The Pattern Behind India’s Airline Collapses
Airlines in India rarely die from a single blow; they perish from predictable, preventable causes. You don’t need strategy consultants, economists, or expert committees to understand this pattern. What you need—though it is often missing in Delhi—is basic, unvarnished common sense. For decades, India’s aviation sector has operated inside a policy maze that undermines financial health, discourages investment, and converts promising carriers into case studies of avoidable bankruptcy.
The Recurring Story: How Airlines Are Engineered to Fail
1. The Cost Trap: Fuel and Fees That Strangle Balance Sheets
India’s aviation turbine fuel (ATF) taxes remain among the highest globally, turning fuel into a fiscal punishment rather than an operational input. When nearly half the operating cost is both volatile and overtaxed, airlines bleed before they take off. Add airport charges that rival premium global hubs, and carriers begin every flight already in deficit.

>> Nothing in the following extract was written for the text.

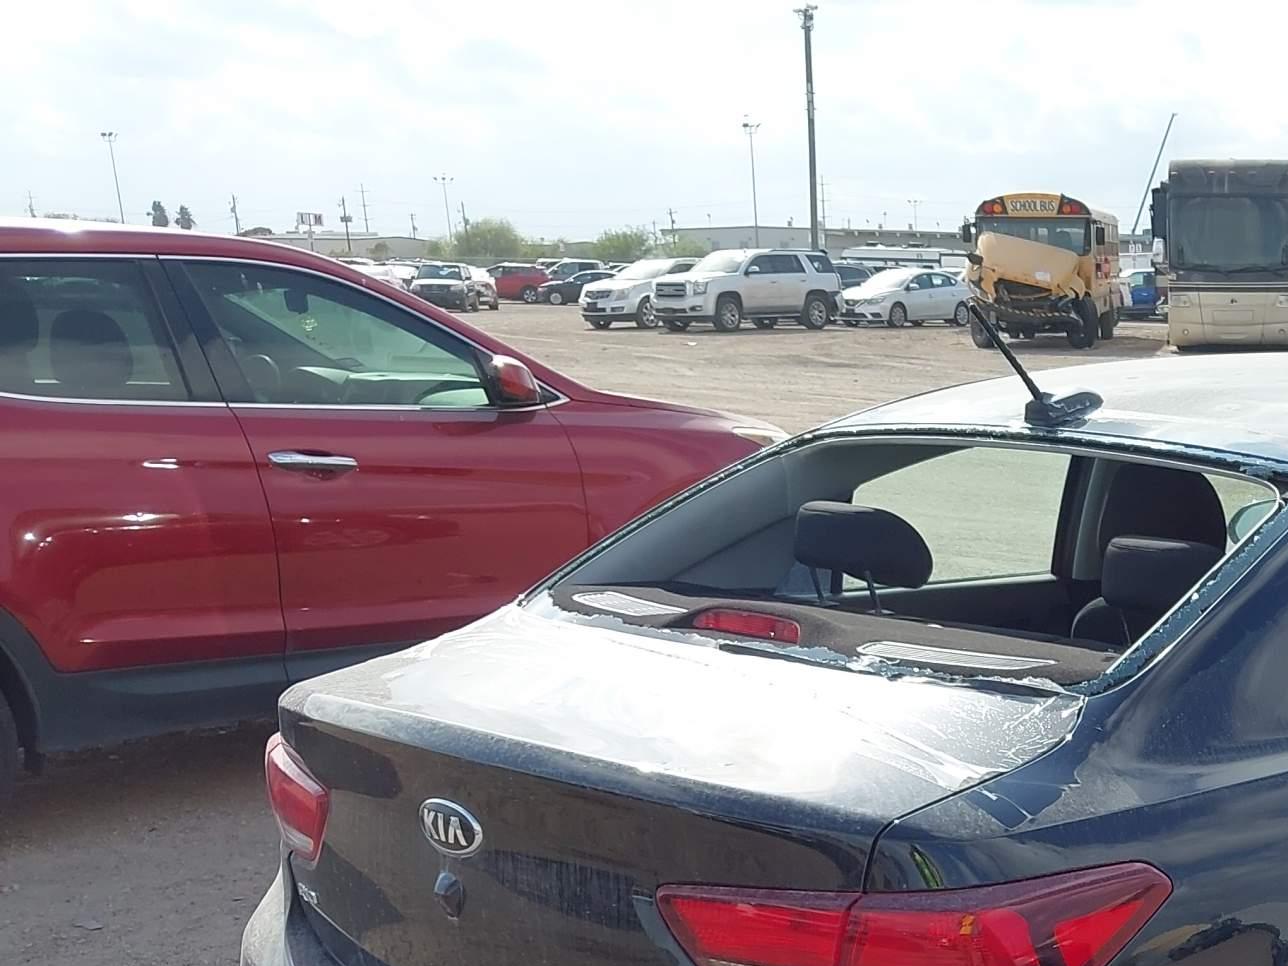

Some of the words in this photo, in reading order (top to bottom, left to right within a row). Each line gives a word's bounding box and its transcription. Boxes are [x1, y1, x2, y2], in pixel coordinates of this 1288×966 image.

[1010, 199, 1039, 212] SCHOOL
[1039, 199, 1056, 212] BUS
[423, 807, 468, 846] KIA

2. A Market That Demands Low Prices but Rejects Real Costs
Indian passengers are notoriously price-sensitive. This pushes airlines into fare wars that drive ticket prices below cost. Carriers then operate on wafer-thin margins, weakened from day one, with little buffer against fuel spikes, currency depreciation, or operational disruptions.
3. Regulations That Create Bottlenecks Instead of Efficiency
Despite claims of liberalisation, aviation functions as a quasi-controlled sector. “Advisories,” political interventions, and sudden fare caps distort pricing freedom. Labour regulations increase rigidity, and bureaucratic delays hinder fleet expansion, route approvals, and operational decisions. The system behaves less like a competitive market and more like a rationing regime with runways.

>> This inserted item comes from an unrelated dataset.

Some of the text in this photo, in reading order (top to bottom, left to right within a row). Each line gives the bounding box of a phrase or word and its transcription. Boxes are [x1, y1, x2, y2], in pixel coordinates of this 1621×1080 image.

What Others Get Right: Lessons from Global Standouts
· Strategic States vs. Strained Systems
Gulf carriers thrive because their ecosystems are aligned for success—tax structures favour aviation, airports are built as economic engines, and airline strategy is treated as national policy. Their geographic advantage and operational flexibility amplify these strengths.
· Singapore’s Model of Professionalism and Purpose
Singapore Airlines represents disciplined, strategic capitalism. With professional management, a supportive policy environment, and an airport designed for seamless global connectivity, it competes on quality, not discount gimmicks. Aviation is viewed as a long-term investment, not a taxable asset.

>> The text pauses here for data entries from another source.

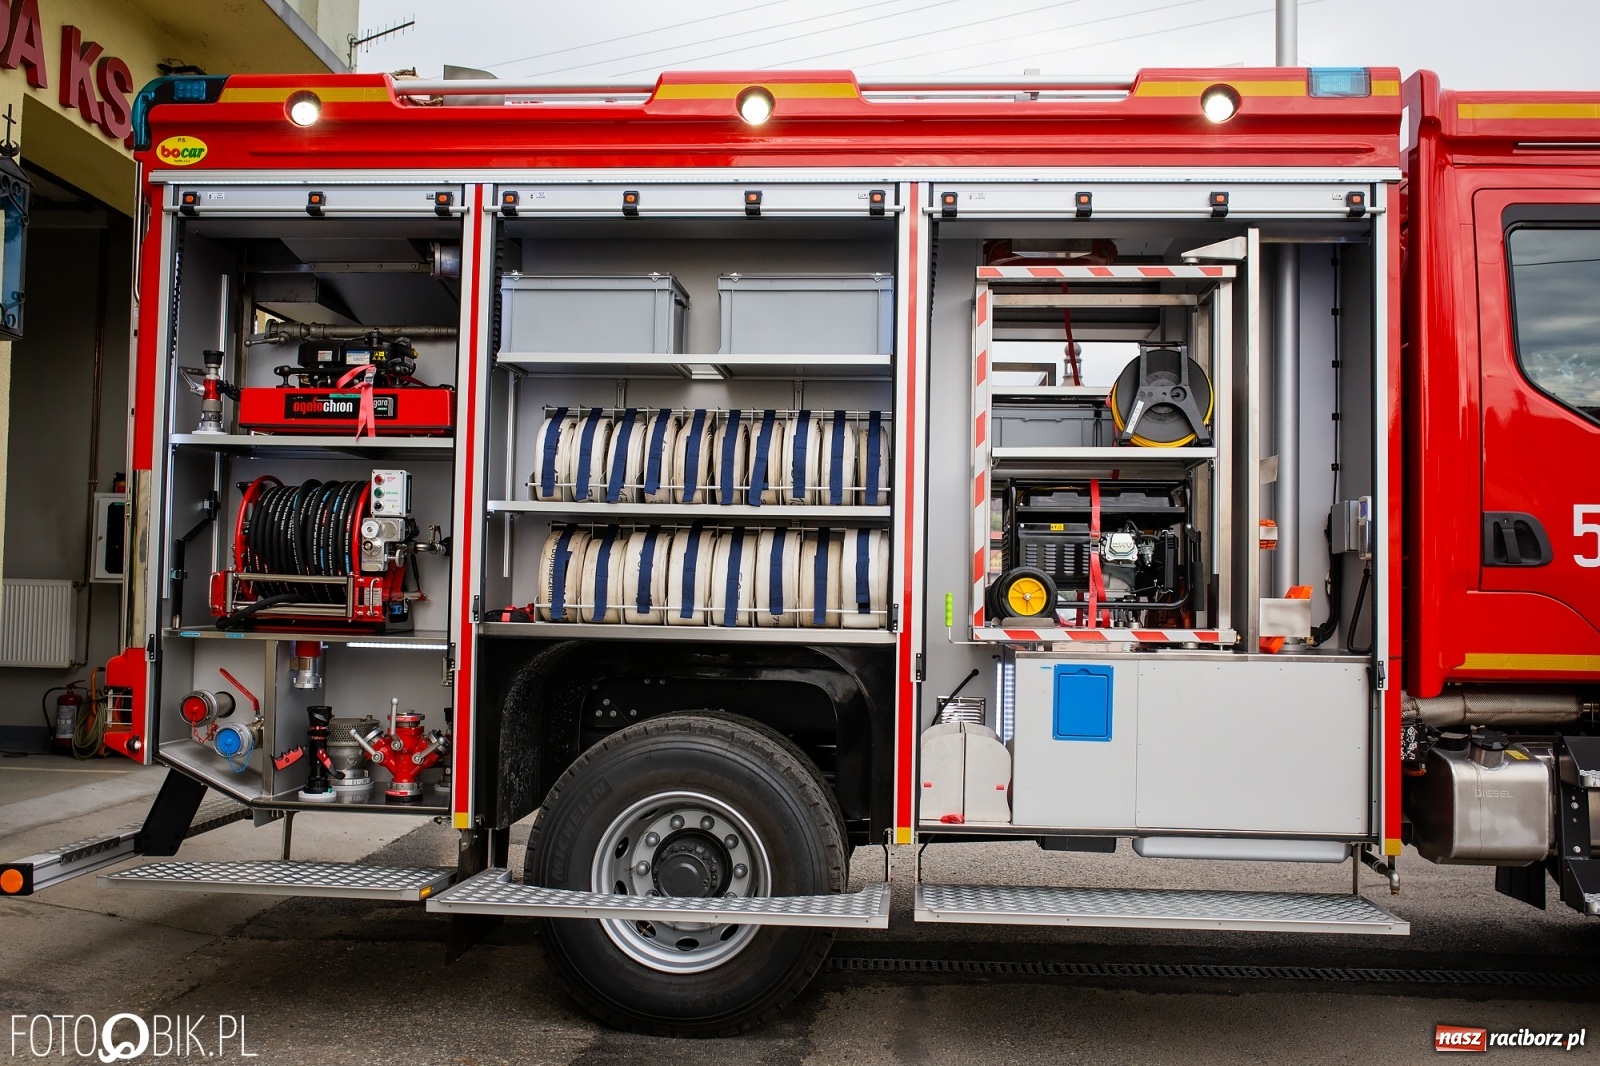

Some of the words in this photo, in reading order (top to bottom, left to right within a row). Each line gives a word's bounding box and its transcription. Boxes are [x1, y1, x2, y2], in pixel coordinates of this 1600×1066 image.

[160, 145, 205, 158] bocar
[293, 397, 353, 414] ogniochron
[1474, 789, 1514, 798] DIESEL
[551, 781, 607, 882] MICHELIN
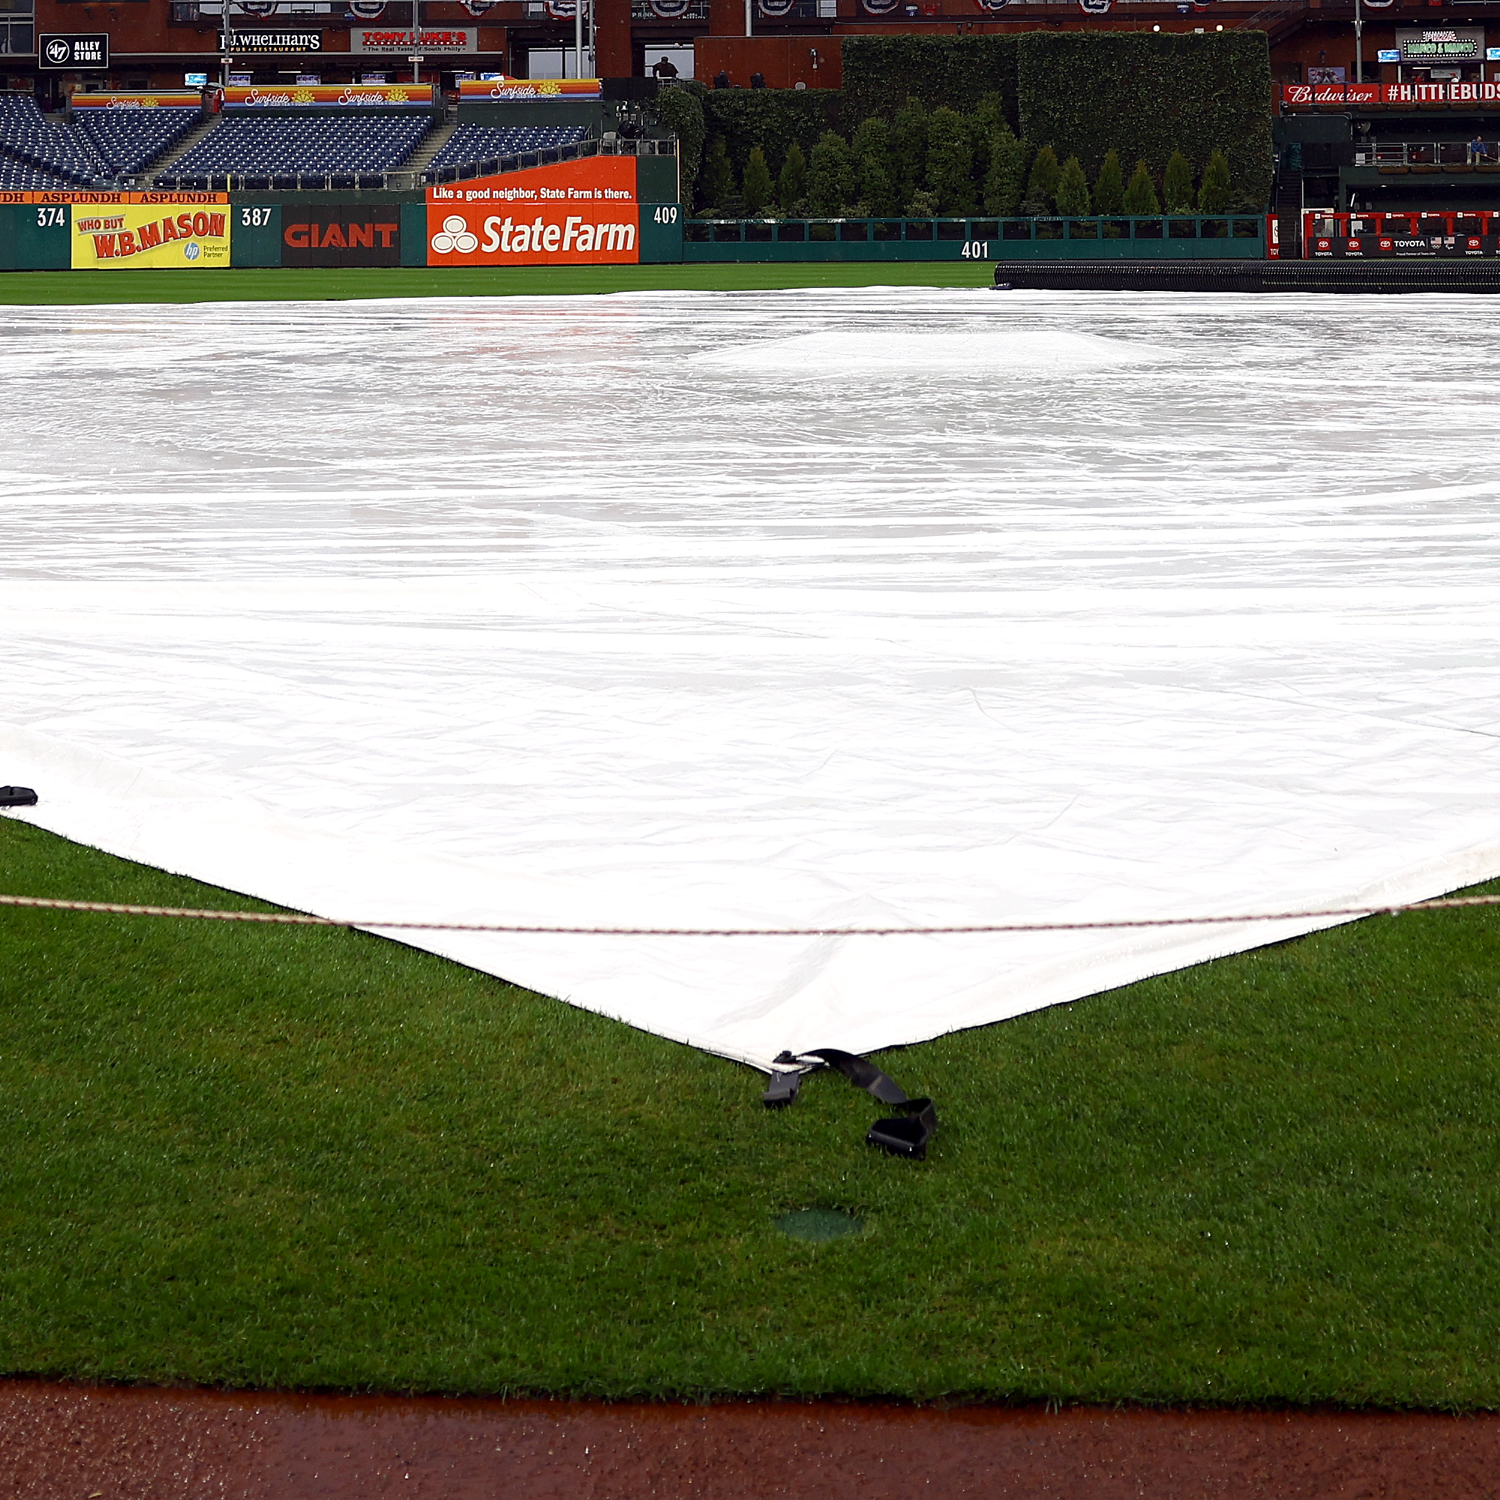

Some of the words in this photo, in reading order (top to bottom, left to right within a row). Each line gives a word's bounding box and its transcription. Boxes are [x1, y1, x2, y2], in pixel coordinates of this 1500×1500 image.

[362, 32, 406, 41] TONY
[74, 41, 100, 51] ALLEY
[74, 51, 102, 61] STORE
[245, 88, 290, 107] Surfside
[338, 88, 383, 106] Surfside
[1288, 85, 1373, 103] Budweiser
[433, 187, 454, 199] Like
[456, 190, 463, 199] a
[465, 188, 490, 201] good
[492, 187, 538, 201] neighbor,
[540, 188, 565, 199] State
[568, 188, 592, 199] Farm
[594, 188, 602, 199] is
[604, 188, 632, 199] there.
[37, 208, 66, 227] 374
[241, 208, 271, 227] 387
[654, 206, 678, 224] 409
[77, 218, 101, 232] WHO
[103, 217, 124, 230] BUT
[283, 223, 398, 248] GIANT
[481, 216, 560, 253] State
[561, 216, 635, 251] Farm
[185, 244, 199, 260] hp
[961, 241, 989, 259] 401
[1394, 240, 1425, 248] TOYOTA

Back Home: The Illusion of a Free Market
India claims deregulation, yet airlines face invisible ceilings and political pressure whenever they attempt rational fare increases. Schemes like UDAN, though well intentioned, impose fare caps on routes that cannot sustain profitability, turning regional connectivity into a financial burden rather than a developmental tool.
The System, Not the Airlines, Is the Culprit
Indian carriers do not collapse because they lack talent, ambition, or passengers. They collapse because the policy architecture is misaligned with economic reality. Until taxation is rationalised, regulations streamlined, and aviation treated as a strategic sector—not a cash cow—the country will continue producing millions of flyers and a steady stream of airline obituaries.